$75
CRISP, Quentin
Quentin Crisp, born Denis Charles Pratt, was an English writer, artist's model, actor and raconteur known for his memorable and insightful witticisms. He became a gay icon in the 1970s after publication of his memoir, The Naked Civil Servant, brought to the attention of the general public his defiant exhibitionism and longstanding refusal to remain in the closet.
[154] pp.
Duckworth
1977
8 3/4" x 5 7/8"
Fine/ Fine
Love Made Easy is one of Crisp’s early works, and is a fantastical, semi-autobiographical novel based on his own experiences living in London, as well as a description of the characters he encountered there. It was an unhappy childhood and the stresses of adolescence which led him to the heart of the capital city.
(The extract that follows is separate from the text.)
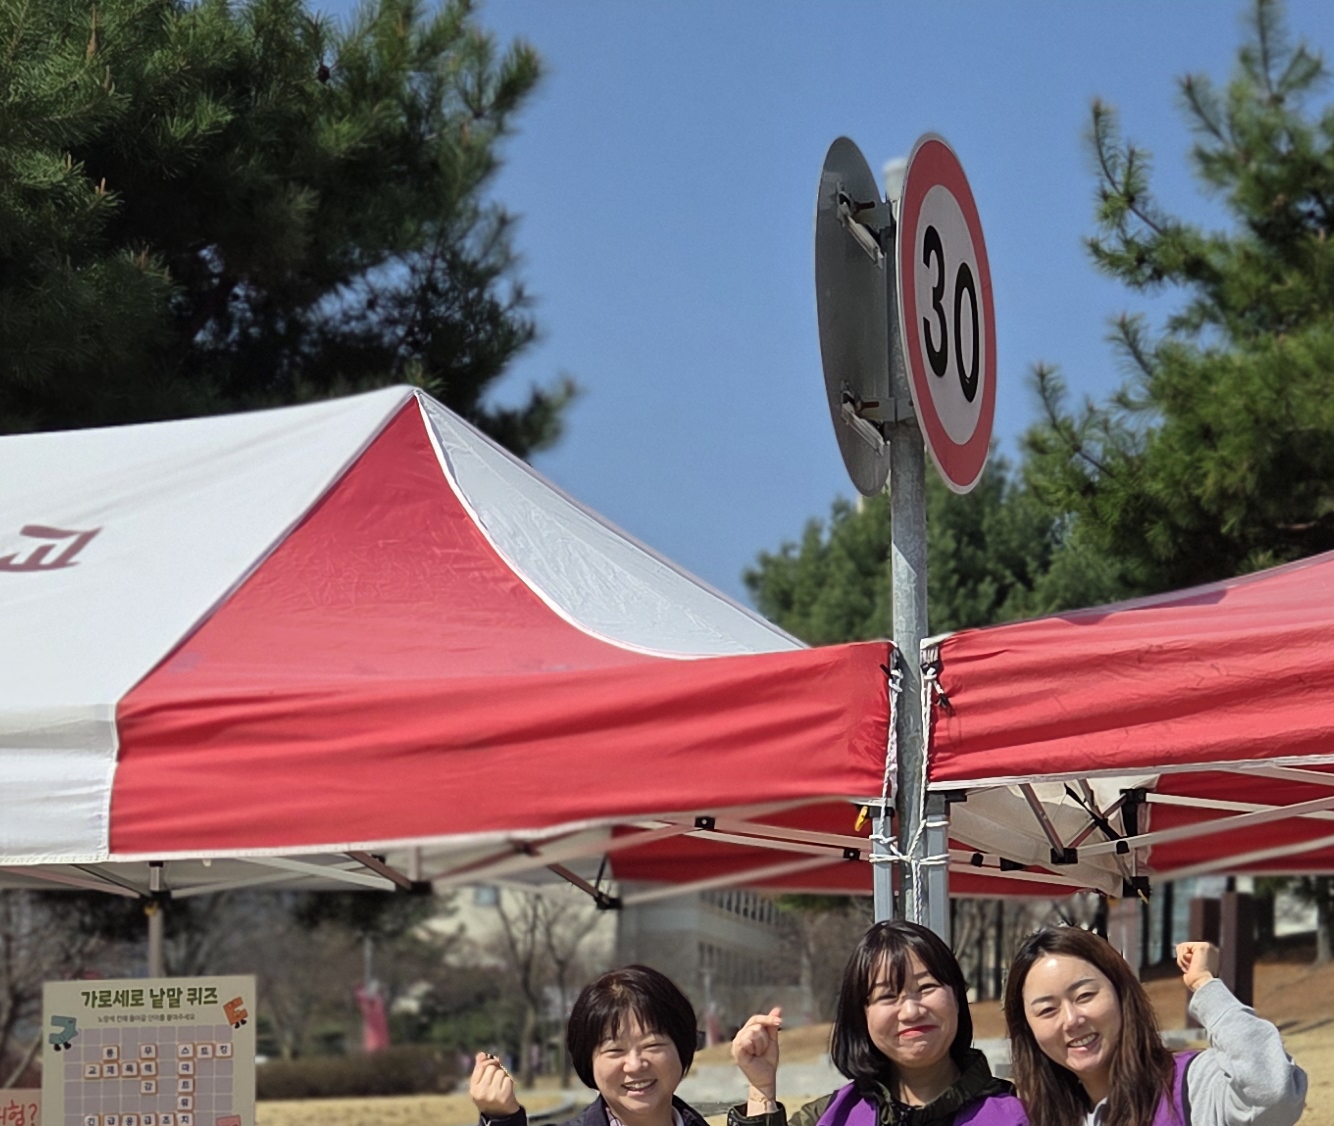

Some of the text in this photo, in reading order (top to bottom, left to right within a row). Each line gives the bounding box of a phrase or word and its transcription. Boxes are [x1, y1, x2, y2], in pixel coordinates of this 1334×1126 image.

There, in bedsits and cafes he found a world of brutality, short lived jobs and precarious relationships, which he describes in the book with a dry humour. Set in the late 1940s around ‘Flamboyant Street’, it follows a host of “British dropouts, old and young, rich and poor, caught up in this unlikely tarantella” (wrapper blurb). The stories are based around his own bedsit in Denbigh Street, Pimlico, where he "held court with London's brightest and roughest characters." The novel had been written in the 1950s, but remained unpublished until 1977, when Crisp was at the peak of his fame.